Material to process START

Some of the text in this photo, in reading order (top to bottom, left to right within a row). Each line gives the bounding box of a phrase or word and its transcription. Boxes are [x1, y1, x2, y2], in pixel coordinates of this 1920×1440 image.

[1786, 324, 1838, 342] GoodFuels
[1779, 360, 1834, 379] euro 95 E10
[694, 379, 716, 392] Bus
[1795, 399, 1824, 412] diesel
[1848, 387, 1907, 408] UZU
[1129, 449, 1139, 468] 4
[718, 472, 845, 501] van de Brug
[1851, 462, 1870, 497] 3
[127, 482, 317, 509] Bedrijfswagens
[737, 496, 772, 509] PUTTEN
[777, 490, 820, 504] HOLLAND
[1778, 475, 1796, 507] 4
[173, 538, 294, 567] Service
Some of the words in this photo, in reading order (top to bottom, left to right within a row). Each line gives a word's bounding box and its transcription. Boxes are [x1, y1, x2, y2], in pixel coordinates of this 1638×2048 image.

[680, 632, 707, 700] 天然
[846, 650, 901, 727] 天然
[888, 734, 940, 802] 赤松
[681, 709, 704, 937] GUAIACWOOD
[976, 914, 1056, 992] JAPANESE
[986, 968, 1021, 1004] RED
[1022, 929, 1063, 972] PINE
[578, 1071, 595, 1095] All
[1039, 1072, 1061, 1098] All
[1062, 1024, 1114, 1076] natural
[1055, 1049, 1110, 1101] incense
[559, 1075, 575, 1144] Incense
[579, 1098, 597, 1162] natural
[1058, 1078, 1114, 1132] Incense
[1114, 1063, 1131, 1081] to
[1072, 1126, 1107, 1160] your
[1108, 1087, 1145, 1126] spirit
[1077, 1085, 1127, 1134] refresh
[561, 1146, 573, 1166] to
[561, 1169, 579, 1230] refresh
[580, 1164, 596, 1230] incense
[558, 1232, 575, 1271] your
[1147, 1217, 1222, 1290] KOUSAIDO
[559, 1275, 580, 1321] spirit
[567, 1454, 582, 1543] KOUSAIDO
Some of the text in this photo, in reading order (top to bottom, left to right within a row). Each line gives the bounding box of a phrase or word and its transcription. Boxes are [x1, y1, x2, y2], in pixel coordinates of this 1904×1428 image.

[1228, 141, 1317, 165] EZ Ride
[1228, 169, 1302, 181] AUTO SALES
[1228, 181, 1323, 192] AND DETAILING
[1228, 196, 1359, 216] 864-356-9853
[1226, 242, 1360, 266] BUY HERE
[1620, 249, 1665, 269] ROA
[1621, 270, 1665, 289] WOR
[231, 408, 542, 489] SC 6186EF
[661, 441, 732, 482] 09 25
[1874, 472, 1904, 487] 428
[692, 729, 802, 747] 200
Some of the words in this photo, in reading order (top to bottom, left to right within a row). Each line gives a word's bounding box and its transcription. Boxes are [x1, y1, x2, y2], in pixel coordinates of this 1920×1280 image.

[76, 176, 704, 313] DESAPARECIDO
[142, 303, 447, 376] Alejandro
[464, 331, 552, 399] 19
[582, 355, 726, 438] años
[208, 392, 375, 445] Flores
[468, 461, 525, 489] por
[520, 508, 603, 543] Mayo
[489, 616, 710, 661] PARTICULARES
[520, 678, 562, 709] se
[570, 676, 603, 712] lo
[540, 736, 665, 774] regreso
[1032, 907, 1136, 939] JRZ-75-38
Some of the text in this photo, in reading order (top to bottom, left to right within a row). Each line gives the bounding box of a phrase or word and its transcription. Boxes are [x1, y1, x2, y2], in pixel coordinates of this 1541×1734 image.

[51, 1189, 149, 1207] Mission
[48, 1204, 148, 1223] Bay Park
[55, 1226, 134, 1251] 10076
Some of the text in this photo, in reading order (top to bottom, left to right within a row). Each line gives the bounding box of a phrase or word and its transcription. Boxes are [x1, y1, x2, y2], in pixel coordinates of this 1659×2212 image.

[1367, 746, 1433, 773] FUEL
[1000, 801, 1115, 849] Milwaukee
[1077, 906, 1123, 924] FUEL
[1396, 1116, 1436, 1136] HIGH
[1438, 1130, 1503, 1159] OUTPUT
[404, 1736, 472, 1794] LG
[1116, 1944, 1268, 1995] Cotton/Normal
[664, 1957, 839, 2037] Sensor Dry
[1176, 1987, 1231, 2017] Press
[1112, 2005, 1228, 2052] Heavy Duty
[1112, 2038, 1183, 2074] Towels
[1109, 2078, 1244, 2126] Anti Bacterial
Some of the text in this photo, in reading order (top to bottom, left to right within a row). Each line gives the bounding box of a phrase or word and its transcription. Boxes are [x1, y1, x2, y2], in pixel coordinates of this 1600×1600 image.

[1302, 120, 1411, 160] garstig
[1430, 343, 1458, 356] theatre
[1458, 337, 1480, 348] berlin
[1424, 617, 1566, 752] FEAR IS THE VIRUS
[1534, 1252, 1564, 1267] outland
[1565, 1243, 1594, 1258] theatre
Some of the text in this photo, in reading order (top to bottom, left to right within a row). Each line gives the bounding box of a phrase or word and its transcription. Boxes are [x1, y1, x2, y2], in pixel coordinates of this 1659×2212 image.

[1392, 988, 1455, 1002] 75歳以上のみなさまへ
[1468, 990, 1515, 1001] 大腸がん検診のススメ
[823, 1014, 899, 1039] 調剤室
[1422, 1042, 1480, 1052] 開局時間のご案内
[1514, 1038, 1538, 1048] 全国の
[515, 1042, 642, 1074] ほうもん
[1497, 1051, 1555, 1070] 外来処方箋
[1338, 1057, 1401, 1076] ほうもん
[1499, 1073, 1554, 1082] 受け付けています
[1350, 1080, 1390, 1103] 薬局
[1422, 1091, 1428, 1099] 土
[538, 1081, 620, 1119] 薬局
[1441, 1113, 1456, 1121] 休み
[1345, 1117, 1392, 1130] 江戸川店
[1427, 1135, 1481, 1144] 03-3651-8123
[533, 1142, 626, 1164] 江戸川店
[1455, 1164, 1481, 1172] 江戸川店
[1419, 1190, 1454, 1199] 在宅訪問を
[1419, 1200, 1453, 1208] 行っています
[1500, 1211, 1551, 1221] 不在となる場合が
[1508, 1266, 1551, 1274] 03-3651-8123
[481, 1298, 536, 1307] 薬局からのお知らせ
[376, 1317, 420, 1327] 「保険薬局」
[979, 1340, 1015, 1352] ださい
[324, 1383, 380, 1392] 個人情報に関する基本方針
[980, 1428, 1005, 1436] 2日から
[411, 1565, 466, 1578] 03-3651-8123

Material to process END

Nothing in the material may be left out; write it all out verbatim.

◆ Answer to the problem:
Some of the text in this photo, in reading order (top to bottom, left to right within a row). Each line gives the bounding box of a phrase or word and its transcription. Boxes are [x1, y1, x2, y2], in pixel coordinates of this 1920×1440 image.

[1786, 324, 1838, 342] GoodFuels
[1779, 360, 1834, 379] euro 95 E10
[694, 379, 716, 392] Bus
[1795, 399, 1824, 412] diesel
[1848, 387, 1907, 408] UZU
[1129, 449, 1139, 468] 4
[718, 472, 845, 501] van de Brug
[1851, 462, 1870, 497] 3
[127, 482, 317, 509] Bedrijfswagens
[737, 496, 772, 509] PUTTEN
[777, 490, 820, 504] HOLLAND
[1778, 475, 1796, 507] 4
[173, 538, 294, 567] Service
Some of the words in this photo, in reading order (top to bottom, left to right within a row). Each line gives a word's bounding box and its transcription. Boxes are [x1, y1, x2, y2], in pixel coordinates of this 1638×2048 image.

[680, 632, 707, 700] 天然
[846, 650, 901, 727] 天然
[888, 734, 940, 802] 赤松
[681, 709, 704, 937] GUAIACWOOD
[976, 914, 1056, 992] JAPANESE
[986, 968, 1021, 1004] RED
[1022, 929, 1063, 972] PINE
[578, 1071, 595, 1095] All
[1039, 1072, 1061, 1098] All
[1062, 1024, 1114, 1076] natural
[1055, 1049, 1110, 1101] incense
[559, 1075, 575, 1144] Incense
[579, 1098, 597, 1162] natural
[1058, 1078, 1114, 1132] Incense
[1114, 1063, 1131, 1081] to
[1072, 1126, 1107, 1160] your
[1108, 1087, 1145, 1126] spirit
[1077, 1085, 1127, 1134] refresh
[561, 1146, 573, 1166] to
[561, 1169, 579, 1230] refresh
[580, 1164, 596, 1230] incense
[558, 1232, 575, 1271] your
[1147, 1217, 1222, 1290] KOUSAIDO
[559, 1275, 580, 1321] spirit
[567, 1454, 582, 1543] KOUSAIDO
Some of the text in this photo, in reading order (top to bottom, left to right within a row). Each line gives the bounding box of a phrase or word and its transcription. Boxes are [x1, y1, x2, y2], in pixel coordinates of this 1904×1428 image.

[1228, 141, 1317, 165] EZ Ride
[1228, 169, 1302, 181] AUTO SALES
[1228, 181, 1323, 192] AND DETAILING
[1228, 196, 1359, 216] 864-356-9853
[1226, 242, 1360, 266] BUY HERE
[1620, 249, 1665, 269] ROA
[1621, 270, 1665, 289] WOR
[231, 408, 542, 489] SC 6186EF
[661, 441, 732, 482] 09 25
[1874, 472, 1904, 487] 428
[692, 729, 802, 747] 200
Some of the words in this photo, in reading order (top to bottom, left to right within a row). Each line gives a word's bounding box and its transcription. Boxes are [x1, y1, x2, y2], in pixel coordinates of this 1920×1280 image.

[76, 176, 704, 313] DESAPARECIDO
[142, 303, 447, 376] Alejandro
[464, 331, 552, 399] 19
[582, 355, 726, 438] años
[208, 392, 375, 445] Flores
[468, 461, 525, 489] por
[520, 508, 603, 543] Mayo
[489, 616, 710, 661] PARTICULARES
[520, 678, 562, 709] se
[570, 676, 603, 712] lo
[540, 736, 665, 774] regreso
[1032, 907, 1136, 939] JRZ-75-38
Some of the text in this photo, in reading order (top to bottom, left to right within a row). Each line gives the bounding box of a phrase or word and its transcription. Boxes are [x1, y1, x2, y2], in pixel coordinates of this 1541×1734 image.

[51, 1189, 149, 1207] Mission
[48, 1204, 148, 1223] Bay Park
[55, 1226, 134, 1251] 10076
Some of the text in this photo, in reading order (top to bottom, left to right within a row). Each line gives the bounding box of a phrase or word and its transcription. Boxes are [x1, y1, x2, y2], in pixel coordinates of this 1659×2212 image.

[1367, 746, 1433, 773] FUEL
[1000, 801, 1115, 849] Milwaukee
[1077, 906, 1123, 924] FUEL
[1396, 1116, 1436, 1136] HIGH
[1438, 1130, 1503, 1159] OUTPUT
[404, 1736, 472, 1794] LG
[1116, 1944, 1268, 1995] Cotton/Normal
[664, 1957, 839, 2037] Sensor Dry
[1176, 1987, 1231, 2017] Press
[1112, 2005, 1228, 2052] Heavy Duty
[1112, 2038, 1183, 2074] Towels
[1109, 2078, 1244, 2126] Anti Bacterial
Some of the text in this photo, in reading order (top to bottom, left to right within a row). Each line gives the bounding box of a phrase or word and its transcription. Boxes are [x1, y1, x2, y2], in pixel coordinates of this 1600×1600 image.

[1302, 120, 1411, 160] garstig
[1430, 343, 1458, 356] theatre
[1458, 337, 1480, 348] berlin
[1424, 617, 1566, 752] FEAR IS THE VIRUS
[1534, 1252, 1564, 1267] outland
[1565, 1243, 1594, 1258] theatre
Some of the text in this photo, in reading order (top to bottom, left to right within a row). Each line gives the bounding box of a phrase or word and its transcription. Boxes are [x1, y1, x2, y2], in pixel coordinates of this 1659×2212 image.

[1392, 988, 1455, 1002] 75歳以上のみなさまへ
[1468, 990, 1515, 1001] 大腸がん検診のススメ
[823, 1014, 899, 1039] 調剤室
[1422, 1042, 1480, 1052] 開局時間のご案内
[1514, 1038, 1538, 1048] 全国の
[515, 1042, 642, 1074] ほうもん
[1497, 1051, 1555, 1070] 外来処方箋
[1338, 1057, 1401, 1076] ほうもん
[1499, 1073, 1554, 1082] 受け付けています
[1350, 1080, 1390, 1103] 薬局
[1422, 1091, 1428, 1099] 土
[538, 1081, 620, 1119] 薬局
[1441, 1113, 1456, 1121] 休み
[1345, 1117, 1392, 1130] 江戸川店
[1427, 1135, 1481, 1144] 03-3651-8123
[533, 1142, 626, 1164] 江戸川店
[1455, 1164, 1481, 1172] 江戸川店
[1419, 1190, 1454, 1199] 在宅訪問を
[1419, 1200, 1453, 1208] 行っています
[1500, 1211, 1551, 1221] 不在となる場合が
[1508, 1266, 1551, 1274] 03-3651-8123
[481, 1298, 536, 1307] 薬局からのお知らせ
[376, 1317, 420, 1327] 「保険薬局」
[979, 1340, 1015, 1352] ださい
[324, 1383, 380, 1392] 個人情報に関する基本方針
[980, 1428, 1005, 1436] 2日から
[411, 1565, 466, 1578] 03-3651-8123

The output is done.